No menos cierto es que el cordobés de la capital provincial se ha ido convenciendo, con el tiempo, de que sus equipos tienen historia, público y camiseta, suficientes argumentos como para dejar de lado la simpatía por alguno de los colosos porteños.
Es como si se hubiera convencido de que la pasión, en términos futboleros, no se comparte. De eso saben, y mucho, los rosarinos, que juegan en AFA desde los años ’40. Para los clubes cordobeses, el roce con el puerto llegaría casi 30 años después (y todavía ahora son indirectamente afiliados al ente rector).

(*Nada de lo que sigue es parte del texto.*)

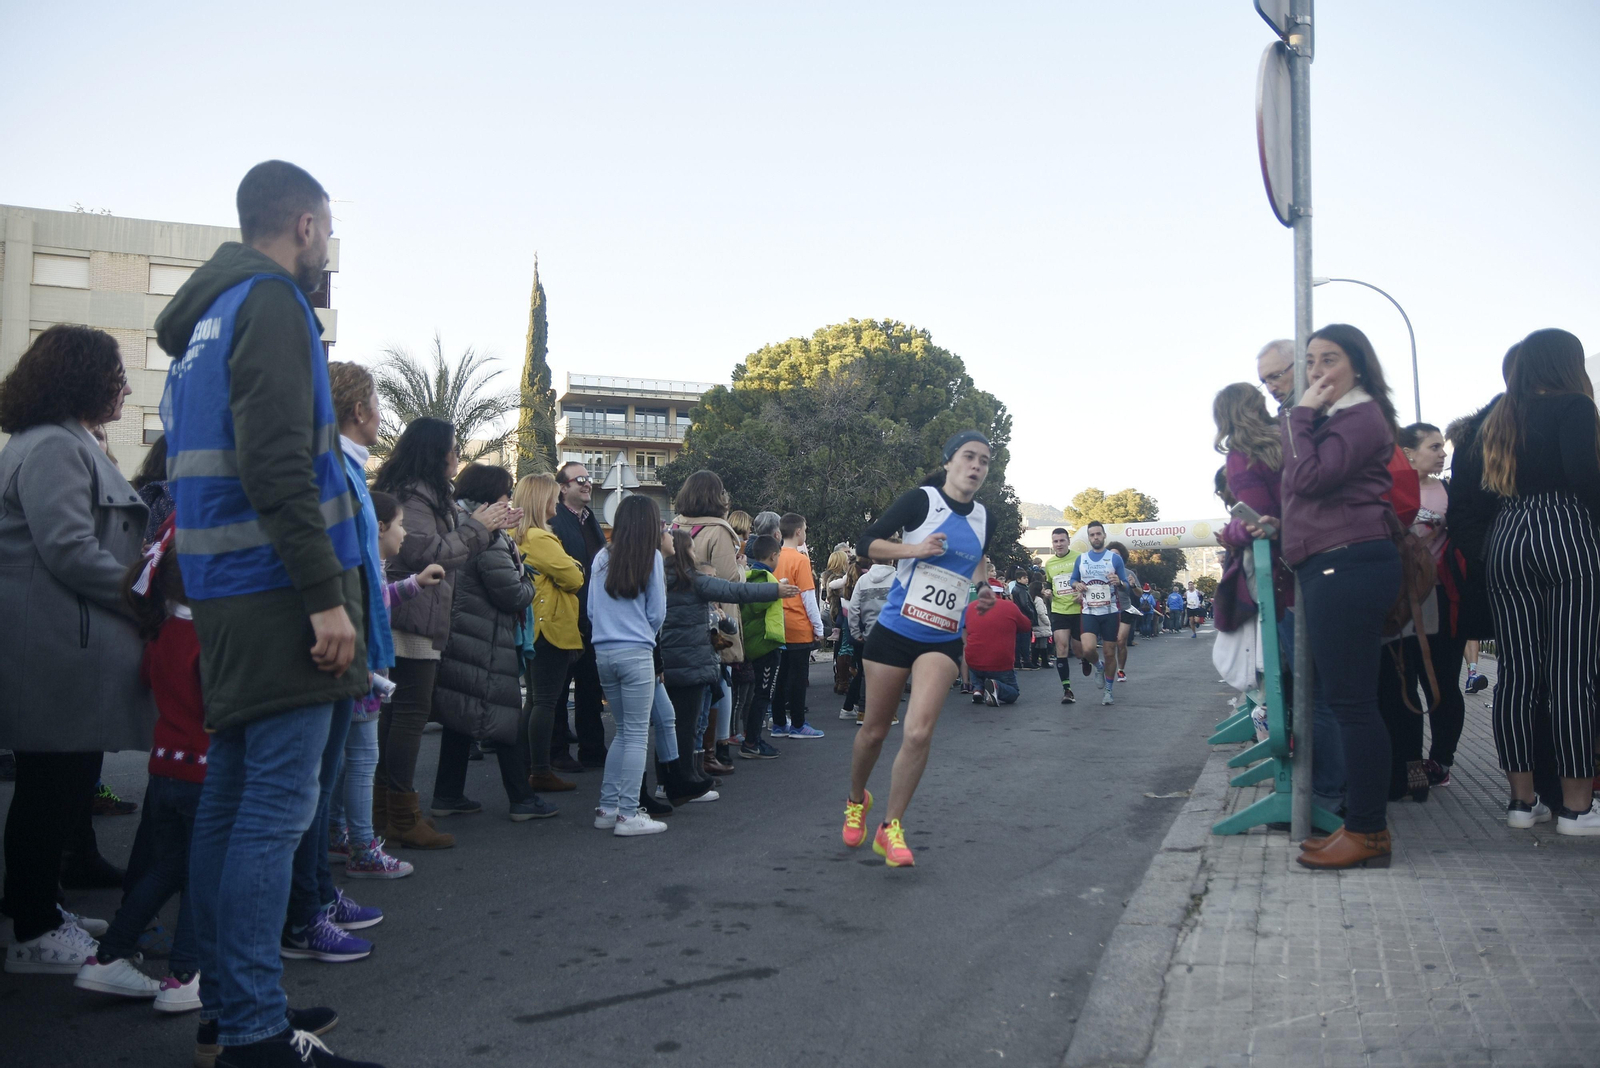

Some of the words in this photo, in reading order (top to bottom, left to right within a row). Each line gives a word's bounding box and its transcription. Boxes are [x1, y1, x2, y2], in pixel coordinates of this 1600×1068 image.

En cambio, el interior provincial todavía es “Xeneize” o “Millonario”, sin matices. Muchos de los que ayer le dieron un marco espectacular al Kempes (hubo casi 50 mil personas) llegaron de muy lejos. San Francisco, Río Cuarto, Villa María… Incluso de más allá de los límites provinciales, como Daniel Arce, que salió tempranito de Villa Mercedes, San Luis, con su esposa Cecilia y su hijo “Nacho”.
Media hora antes del partido, los tres ya estaban en la platea Ardiles para alentar a “Boquita”. Casos como ese, un montón. Ellos son los que contribuyeron, junto a los turistas que se hicieron un “pique” desde las sierras, a que el superclásico de Córdoba fuera, por lejos, el más convocante de los tres que se jugaron en el verano.
Aunque el clima se armó temprano, el cuartetazo a todo volumen no le dio lugar a la música de la gente hasta minutos antes del partido. El duelo de hinchadas desnudó desde entonces lo que generan los técnicos; más populares que cualquiera de los 22 que pisaron el césped. “De la mano de Carlos Bianchi”, gritaron de un lado. “De la mano de Ramón Díaz”, replicaron del otro; siempre con el sueño de “dar la vuelta”.
Hubo pirotecnia, muchos flashes, tensión… Y después, no hubo “amistoso”. A una semana del debut oficial, ninguno se guardó nada. En las tribunas, menos. No hay lugar para especulaciones cuando juegan River y Boca. Tampoco hay pasión que los iguale. Ni el “Barsa” ni el “Madrid”, ni el “Flu” con el “Fla”. Este clásico es “súper”.